=== Begin Enclosure ===

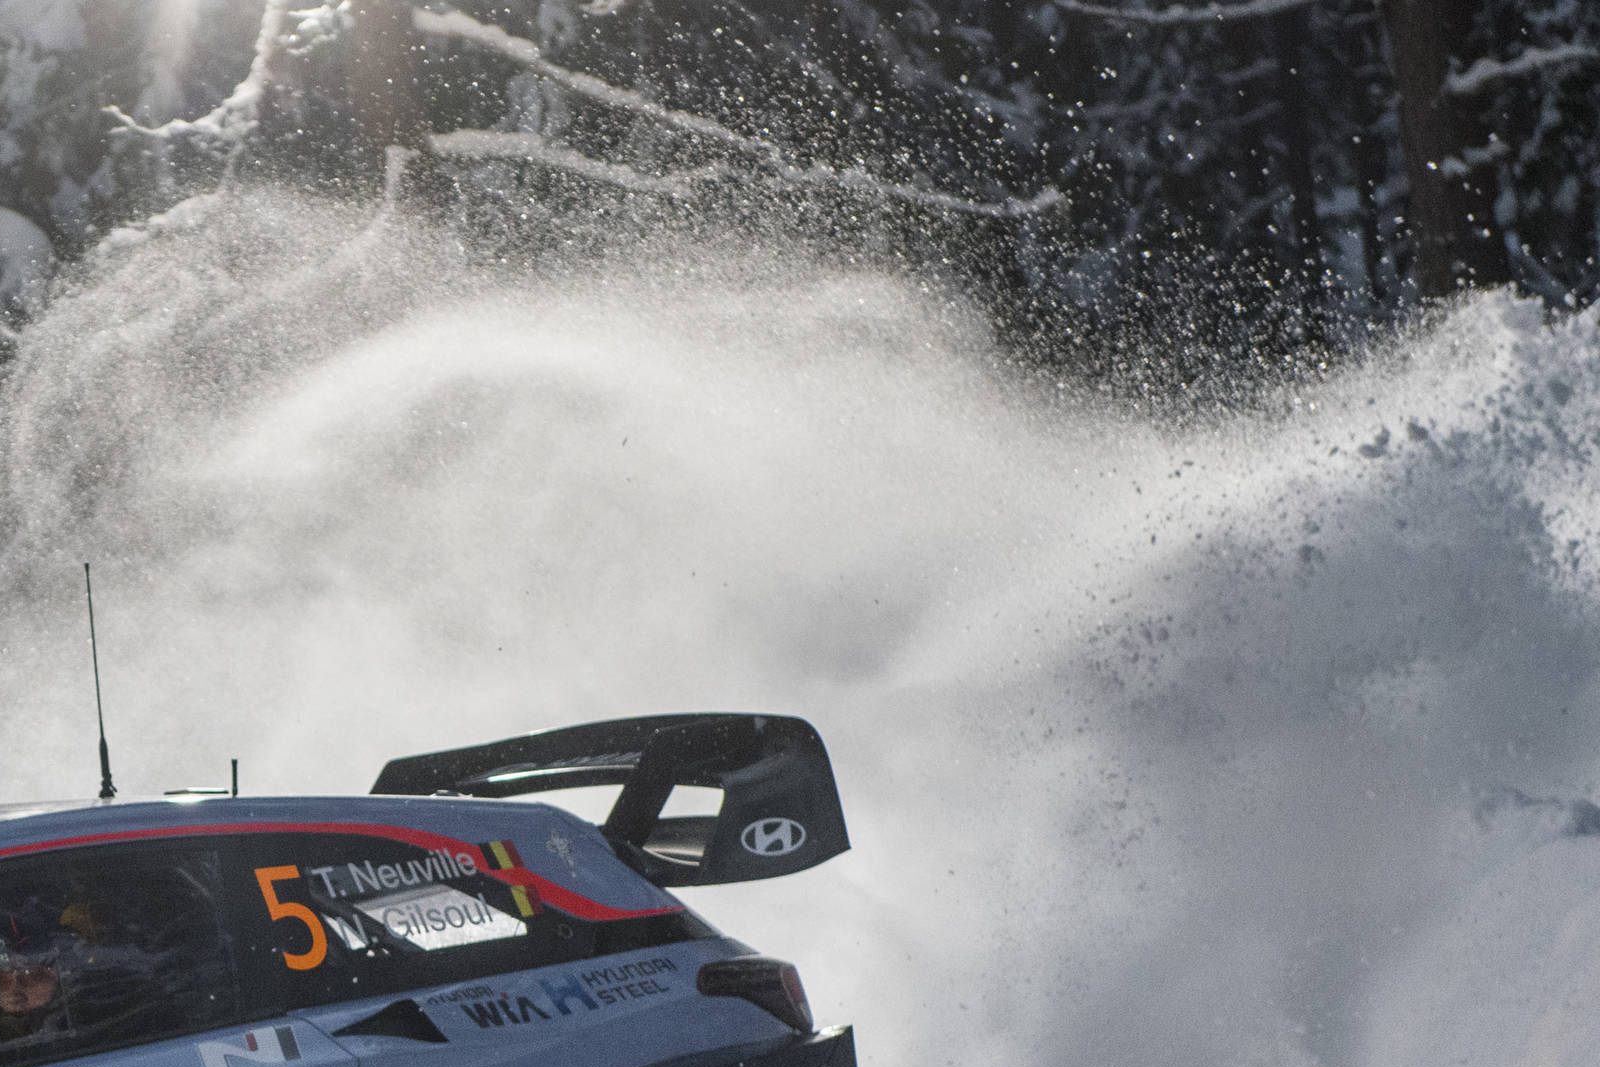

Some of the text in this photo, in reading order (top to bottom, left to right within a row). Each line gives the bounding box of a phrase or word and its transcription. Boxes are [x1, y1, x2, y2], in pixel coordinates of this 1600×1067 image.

[311, 849, 477, 898] T. Neuville
[254, 864, 328, 970] 5
[382, 893, 493, 938] Gilsoul
[581, 957, 679, 988] HYUNDAI
[427, 983, 495, 1006] HYUNDAI
[597, 980, 671, 1006] STEEL
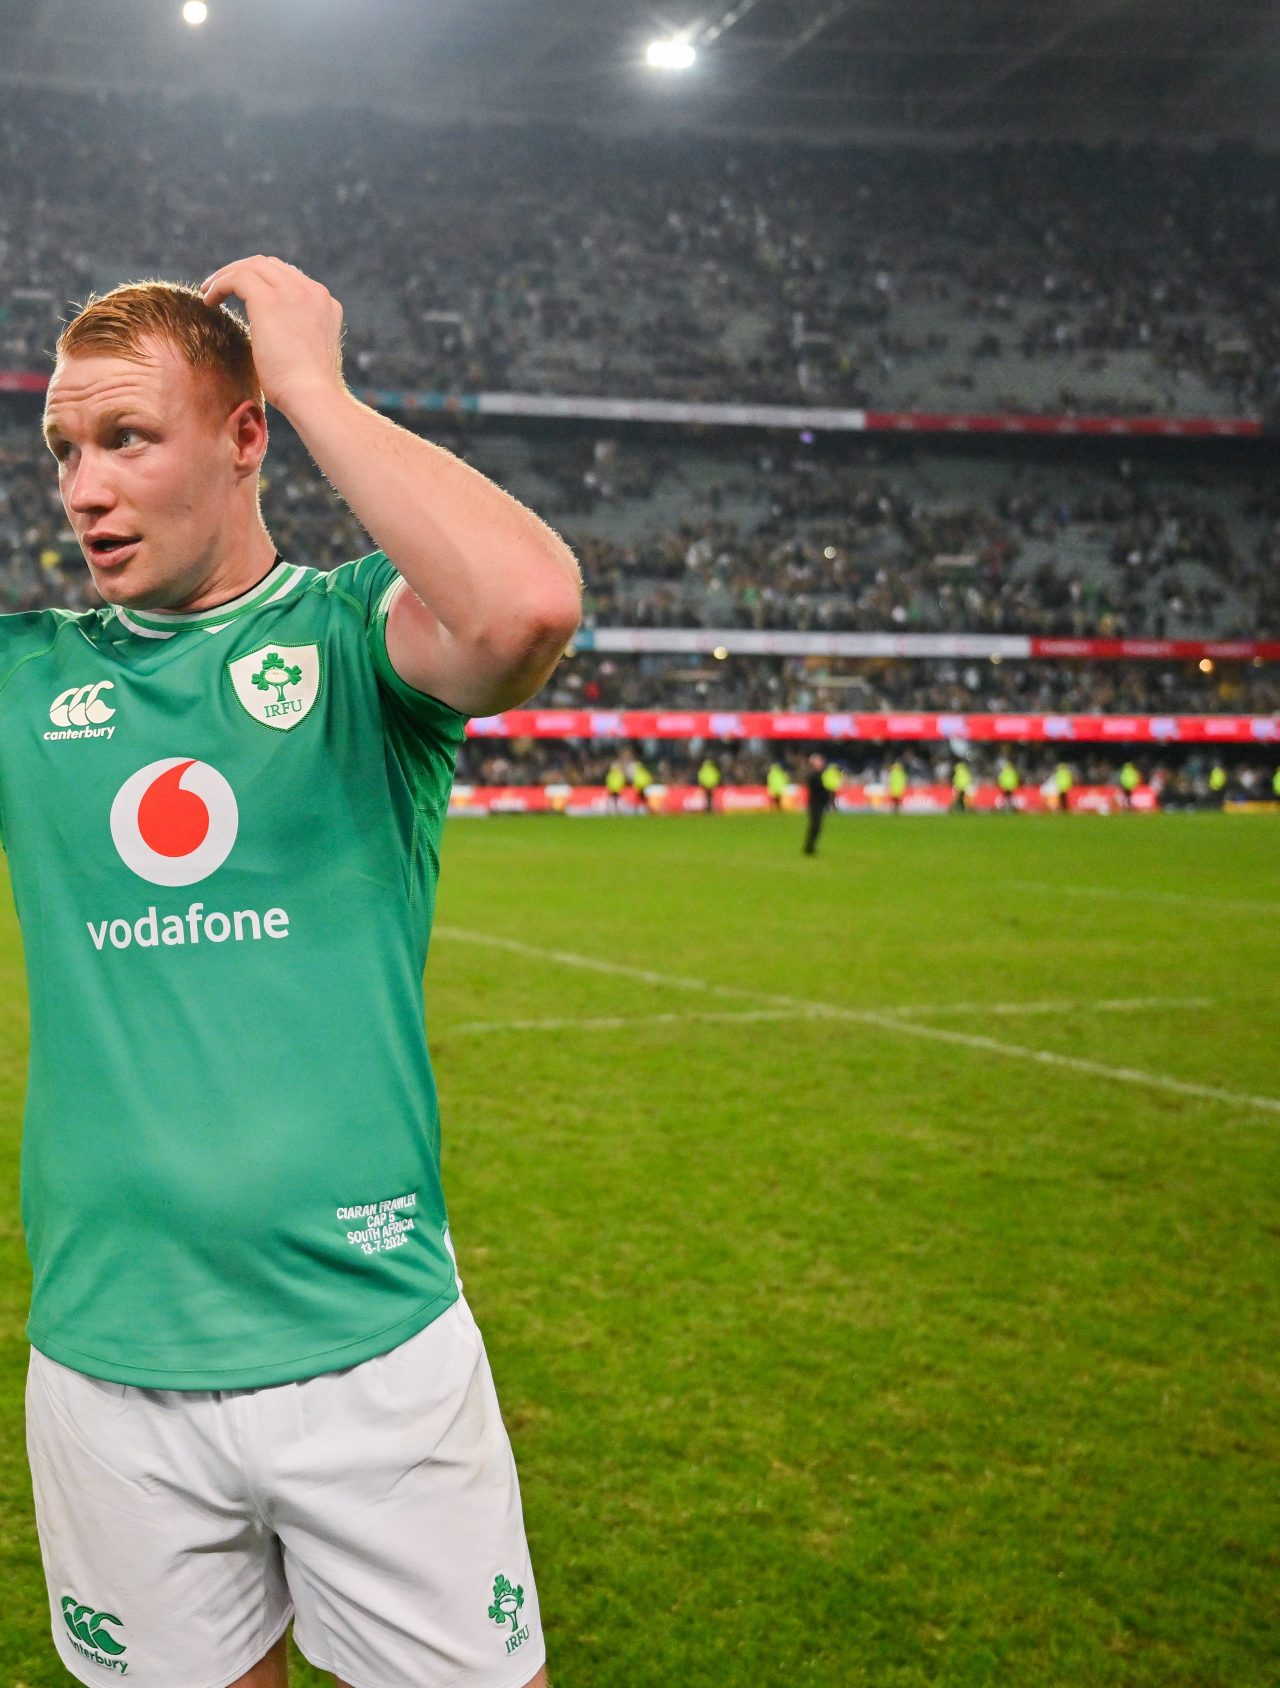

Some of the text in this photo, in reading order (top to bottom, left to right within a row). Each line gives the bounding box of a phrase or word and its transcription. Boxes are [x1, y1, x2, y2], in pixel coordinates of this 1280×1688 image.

[264, 699, 302, 719] IRFU
[43, 725, 116, 741] canterbury
[86, 902, 289, 950] vodafone
[336, 1193, 416, 1219] CIARAN FRAWLEY
[347, 1218, 415, 1244] SOUTH AFRICA
[367, 1211, 396, 1228] CAP 5
[361, 1233, 408, 1254] 13-7-2024
[505, 1624, 530, 1653] IRFU

=== End Enclosure ===

Output nothing but the lines from the one containing "this 1280×1688 image." through the last line of the data, exactly as they stand.

Some of the text in this photo, in reading order (top to bottom, left to right within a row). Each line gives the bounding box of a phrase or word and its transcription. Boxes are [x1, y1, x2, y2], in pixel coordinates of this 1280×1688 image.

[264, 699, 302, 719] IRFU
[43, 725, 116, 741] canterbury
[86, 902, 289, 950] vodafone
[336, 1193, 416, 1219] CIARAN FRAWLEY
[347, 1218, 415, 1244] SOUTH AFRICA
[367, 1211, 396, 1228] CAP 5
[361, 1233, 408, 1254] 13-7-2024
[505, 1624, 530, 1653] IRFU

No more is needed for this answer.